Initially we will analyze and discuss the dataset structure.

In [None]:
str(insurance.data)

This dataset contains $n = 5000$ observations and $d = 12$ columns. Let's understand something about the variables:

### 1.1 ID

In [None]:
str(insurance.data$id)

It contains the identification number of each row and seems to be a 'row number count' variable with no particular informations.

In [None]:
# loading the rownames as integer into the 'indexs' variable
indexs <- as.integer(rownames(insurance.data))

# loading the id column into the 'ids' variable
ids <- insurance.data$id

# checking if the two vectors are equal
min(indexs == ids) == TRUE

Since the 'id' column is exactly a 'row number count' variable whe can delete it without losing informations 

In [None]:
insurance.data$id <- NULL

according to the reducted dimension of the dataset we will set the rownames as the vector  $[1,...,nrow(dataset)]$

In [None]:
rownames(insurance.data) <- 1:nrow(insurance.data)

### 1.2. Gender

In [None]:
str(insurance.data$Gender)

This is a categorical variable, containing informations about the gender of a potential customer.

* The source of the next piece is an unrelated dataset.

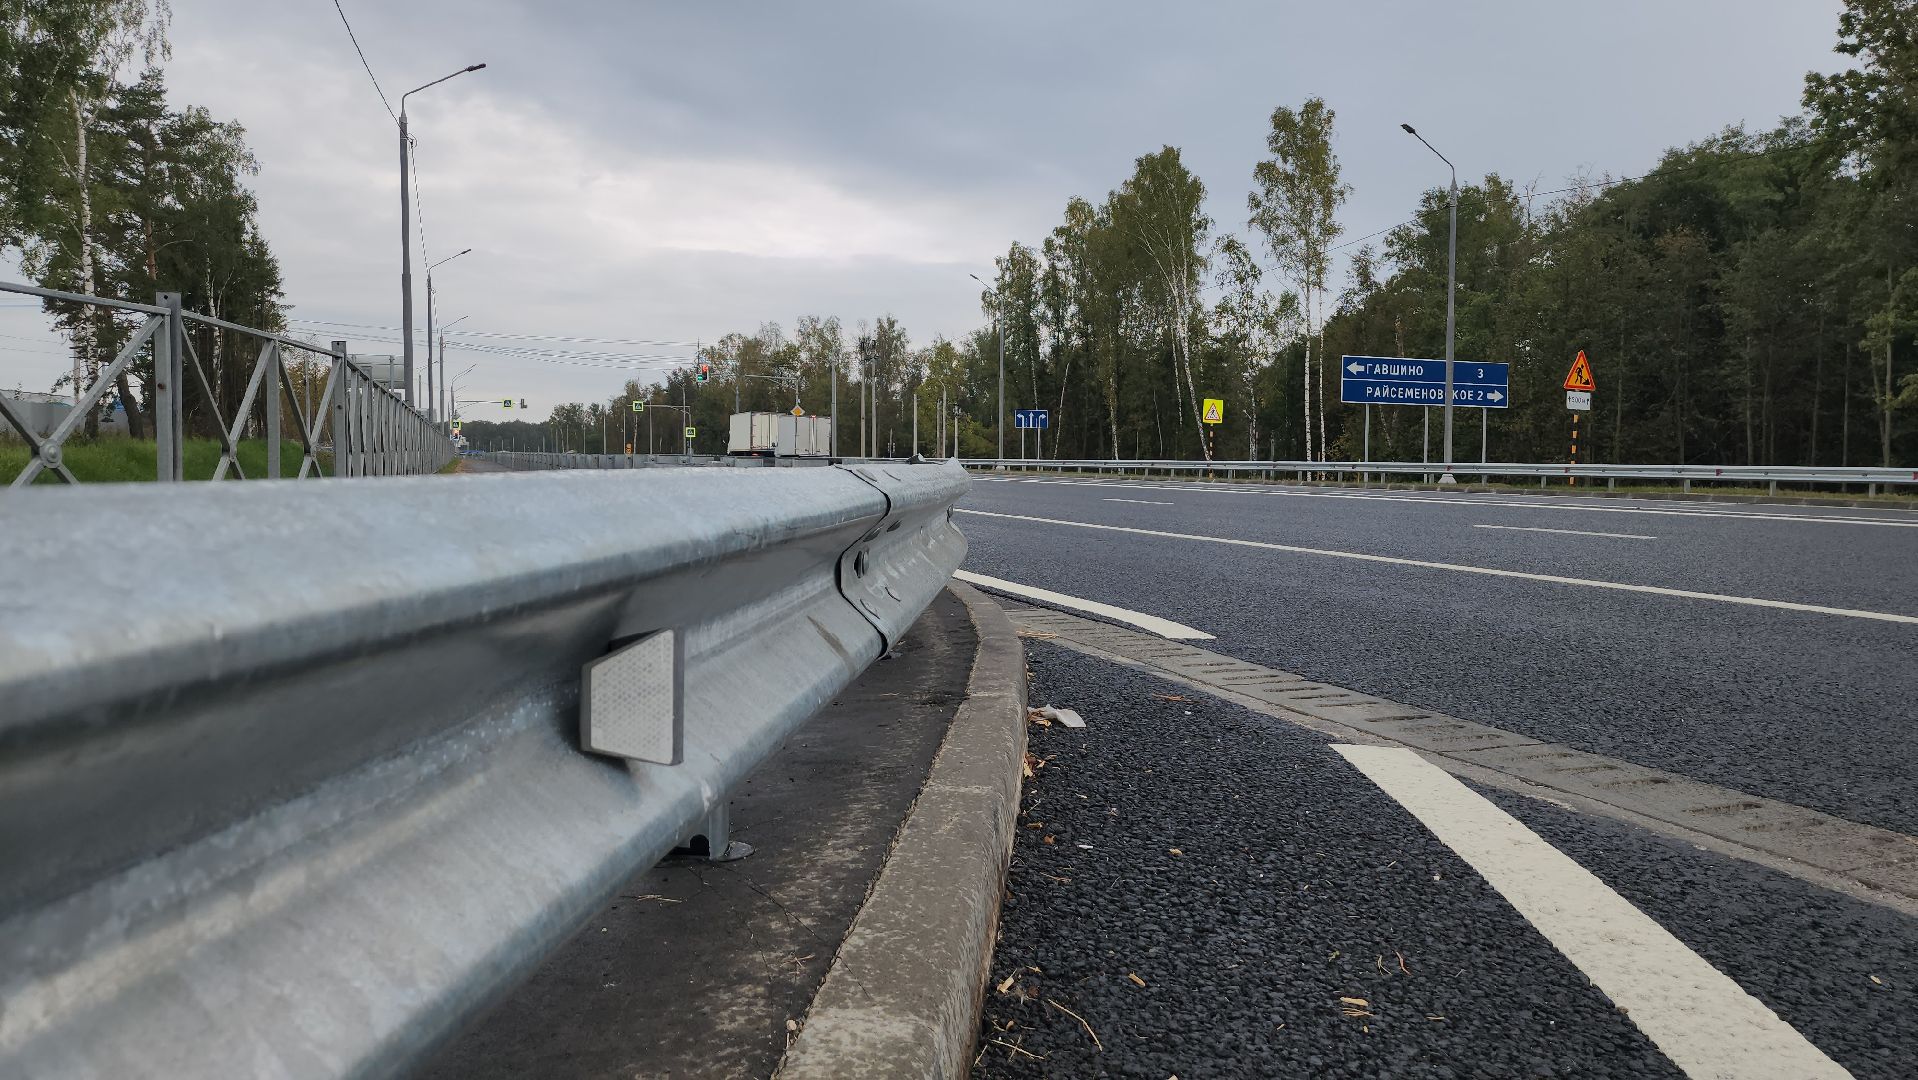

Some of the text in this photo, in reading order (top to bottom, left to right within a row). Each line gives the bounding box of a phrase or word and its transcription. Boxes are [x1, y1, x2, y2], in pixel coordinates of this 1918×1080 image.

[1366, 363, 1484, 379] ГАВШИНО 3
[1366, 385, 1484, 401] РАЙСЕМЕНОВКОЕ 2

We will transform it in a factor variable with 2 levels: "Female" and "Male".

In [None]:
insurance.data$Gender <- as.factor(insurance.data$Gender)

In [None]:
print(head(insurance.data$Gender))

Let's see how the two genders are distributed into the dataset

In [None]:
insurance.data %>%
    ggplot(aes(x = Gender, fill = Gender)) +
    geom_bar(aes(y = (..count..)/sum(..count..))) +
    ylab('frequency')

As we can see thanks to the bar plot the two genders are pretty equally distributed into the dataset, since the **Females** are approximately the $45\%$ of the data and the **Males** are approximately the $55\%$ of the data.

### 1.3. Age

In [None]:
str(insurance.data$Age)

This is an integer variable containing the potential customer's age.
This could be an important information since the higher the age is the more the risks are and the insurance premium could become higher, but the thing is also true in reverse, as younger people are less experienced and generally more reckless.

Let's see how this important variable is distributed

In [None]:
insurance.data %>%
    ggplot(aes(x = Age)) +
    geom_bar(aes(y = (..count..)/sum(..count..)), fill = "blue") +
    ylab("frequency")

It's interesting to see that the main part of the potential customers is between $20$ and $30$ years-old, it could mean that they are looking for their first insurance contract, so, since they are freshman they could be convinced easilier to sign with the company.

We can also see another peak in the plot, at the age interval $40-50$. This may be due to people having earned a fair amount of money and being looking for a better insurance contract.

### 1.4. Driving_License

In [None]:
str(insurance.data$Driving_License)

This is an integer variable and it may be ambiguous since it could count how many driving licenses one person have (car, truck, motorbike, ...) or it could just be a boolean value indicating if one person has a driving lincense or not.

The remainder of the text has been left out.